Law no. 135 of 07.07.2017 amending the Electronic Communications Law no. 241-XVI of 15.11.2007, hereinafter "Law No 241/2007", in force since August 18, 2017, contains a chapter specifically dedicated to the protection of confidentiality in the field of electronic communications, which provides for specific conditions to guarantee the right to privacy protection in the processing of personal data used in electronic communications.
The provisions of the new chapter of Law no. 241/2007 apply to the processing of personal data related to the provision of publicly available electronic communications services through public electronic communications networks, including networks that support devices for data collection and identification, except cases when this work is performed:
a) within the framework of national defense and security actions, under the law;
b) within the framework of actions aimed at prevention, investigation, prosecution of criminal offenses and maintenance of public order, as well as other activities in the field of criminal procedure, carried out under the law.
The chapter specifies the rights of electronic communications service subscribers and users to personal data protection, the obligations of providers to ensure service and personal data security, as well as the responsibilities of the National Center for Personal Data Protection and ANRCETI in this area.
Thus, providers of publicly available electronic communications services are required to take appropriate technical and organizational measures to protect the security of the services.
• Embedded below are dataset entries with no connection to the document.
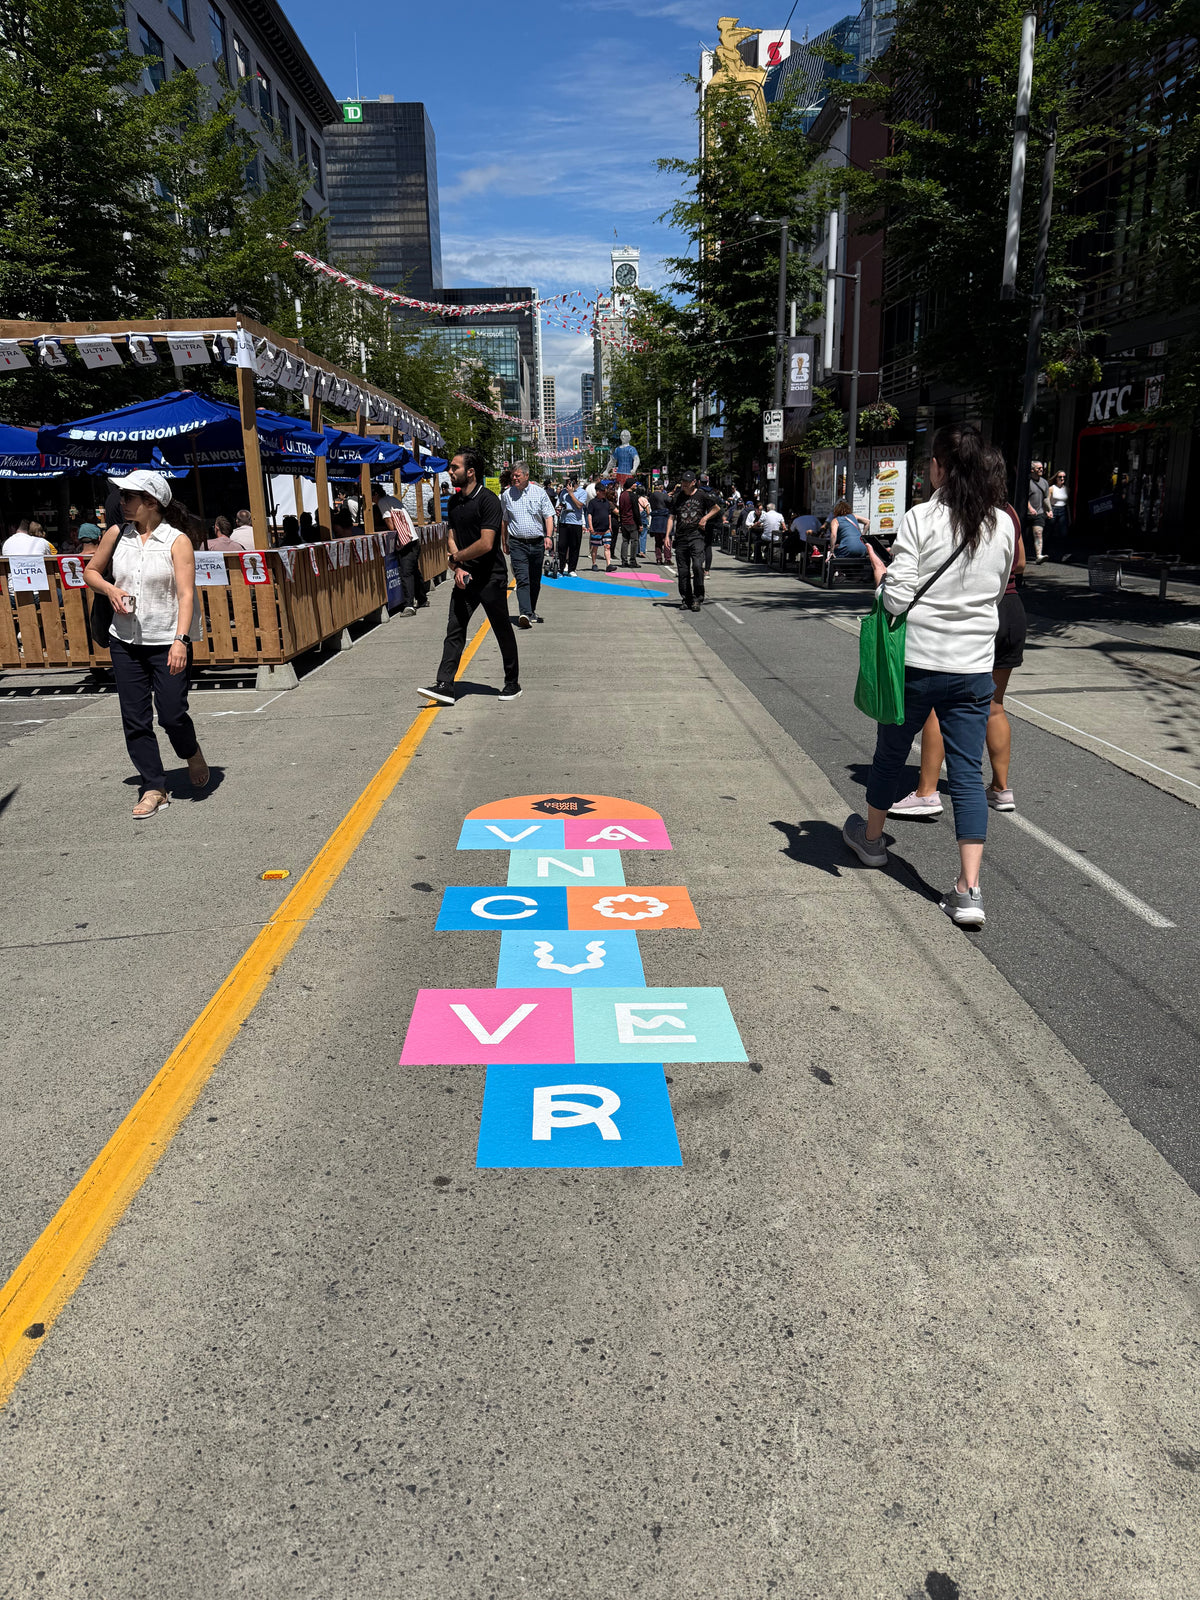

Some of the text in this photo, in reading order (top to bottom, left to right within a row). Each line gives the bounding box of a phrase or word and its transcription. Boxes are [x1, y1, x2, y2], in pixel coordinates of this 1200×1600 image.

[344, 106, 361, 120] TD
[82, 347, 113, 355] ULTRA
[1088, 385, 1132, 422] KFC
[180, 420, 207, 433] FIFA
[98, 431, 127, 441] CUP
[129, 430, 177, 442] WORLD
[109, 448, 138, 460] ULTRA
[285, 440, 315, 456] ULTRA
[329, 449, 363, 460] ULTRA
[872, 446, 905, 458] TOWN
[209, 450, 244, 461] WORL
[855, 459, 895, 470] OT DOG
[484, 825, 543, 843] V
[536, 856, 596, 877] N
[470, 895, 539, 920] C
[449, 1002, 697, 1045] V E
[531, 1084, 622, 1141] R
The measures must ensure a level of security adequate and proportionate to the existing risks and comply at least with the following conditions:
a) to ensure that personal data can only be accessed by authorized persons and for purposes specified by law;
b) protect stored or transmitted personal data against accidental or unlawful destruction, accidental loss or damage, and unauthorized storage, processing, access or disclosure;
c) to ensure the implementation of the security policy developed by the provider regarding personal data processing.
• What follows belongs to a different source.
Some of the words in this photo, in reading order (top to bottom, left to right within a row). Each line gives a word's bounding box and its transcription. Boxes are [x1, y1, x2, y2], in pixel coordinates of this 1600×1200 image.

Where there is the risk of network security violation, providers are required to inform subscribers of this risk. Where the risk goes beyond the scope of the measures that may be taken by the providers, they must inform subscribers of possible solutions, including the costs involved. In case of a personal data violation, the provider shall notify the National Center for Personal Data Protection, without undue delay. Where a breach of personal data is likely to prejudice the personal or private life of a subscriber or user, the provider shall notify him of the breach without undue delay.
The new chapter of Law no. 241/2007 provides for a number of interdictions related to the tapping, recording, storing or other types of interception or surveillance of communications and data transfer, by persons other than the end-user participating in the communication, as well as related to storage and processing by providers of transfer data related to subscribers and users and billing of services offered to them, processing of location data, using dial-up and automatic communication systems, faxes or e-mail for advertising purposes, etc.
ANRCETI recommends that stakeholders, especially providers of electronic communications networks and services, to carefully observe the provisions of the new chapter of Law no. 241/2007, republished in the Official Gazette of the Republic of Moldova of 17.11.2017, in order to clearly identify the rights and obligations they have according to the law in the relation to the users, with other providers of electronic communications networks and services, with the National Center for Personal Data Protection and ANRCETI.